ACTION ITEM: Once you reach the line that contains "Some of the text", retype it and every line after it exactly, ending with the last line of the entries.

━━ PROVIDED DATA ━━

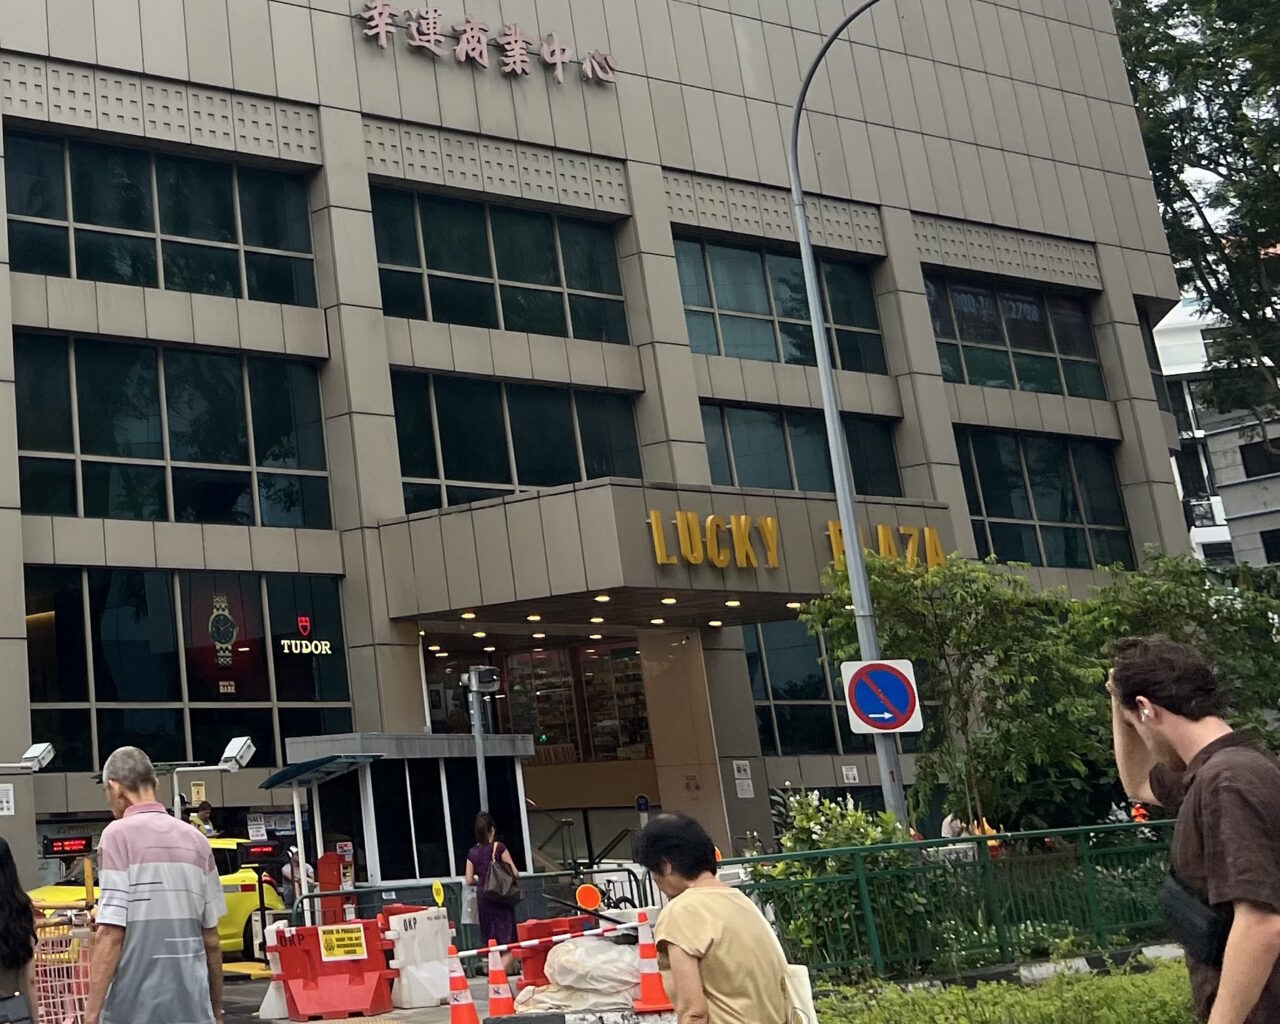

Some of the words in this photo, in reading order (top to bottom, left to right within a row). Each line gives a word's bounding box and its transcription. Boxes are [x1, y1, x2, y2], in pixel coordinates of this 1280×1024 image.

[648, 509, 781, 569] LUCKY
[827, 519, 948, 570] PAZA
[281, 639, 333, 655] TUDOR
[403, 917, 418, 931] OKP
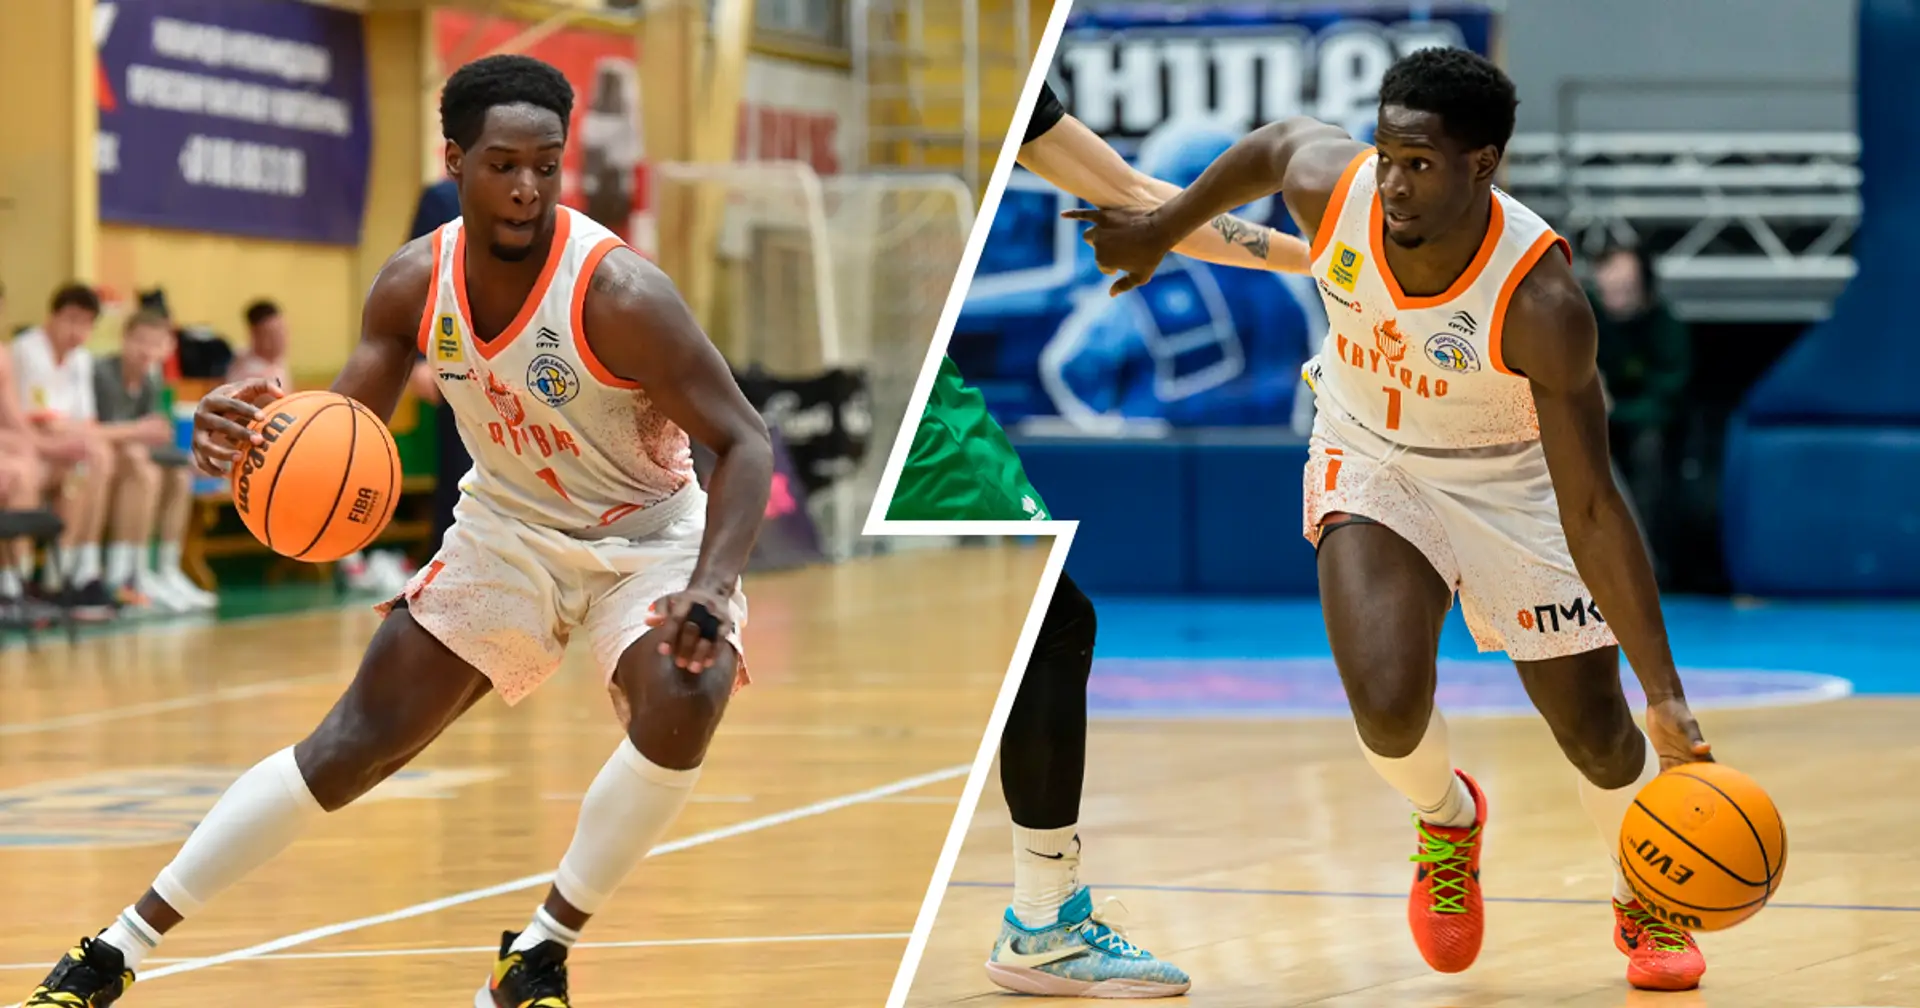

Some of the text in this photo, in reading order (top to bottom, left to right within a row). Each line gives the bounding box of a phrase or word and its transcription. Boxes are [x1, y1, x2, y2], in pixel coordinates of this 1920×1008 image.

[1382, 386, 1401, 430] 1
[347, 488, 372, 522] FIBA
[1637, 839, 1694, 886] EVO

━━━

SOLUTION FOR THIS EXERCISE:
Some of the text in this photo, in reading order (top to bottom, left to right within a row). Each line gives the bounding box of a phrase or word and its transcription. Boxes are [x1, y1, x2, y2], in pixel coordinates of this 1920×1008 image.

[1382, 386, 1401, 430] 1
[347, 488, 372, 522] FIBA
[1637, 839, 1694, 886] EVO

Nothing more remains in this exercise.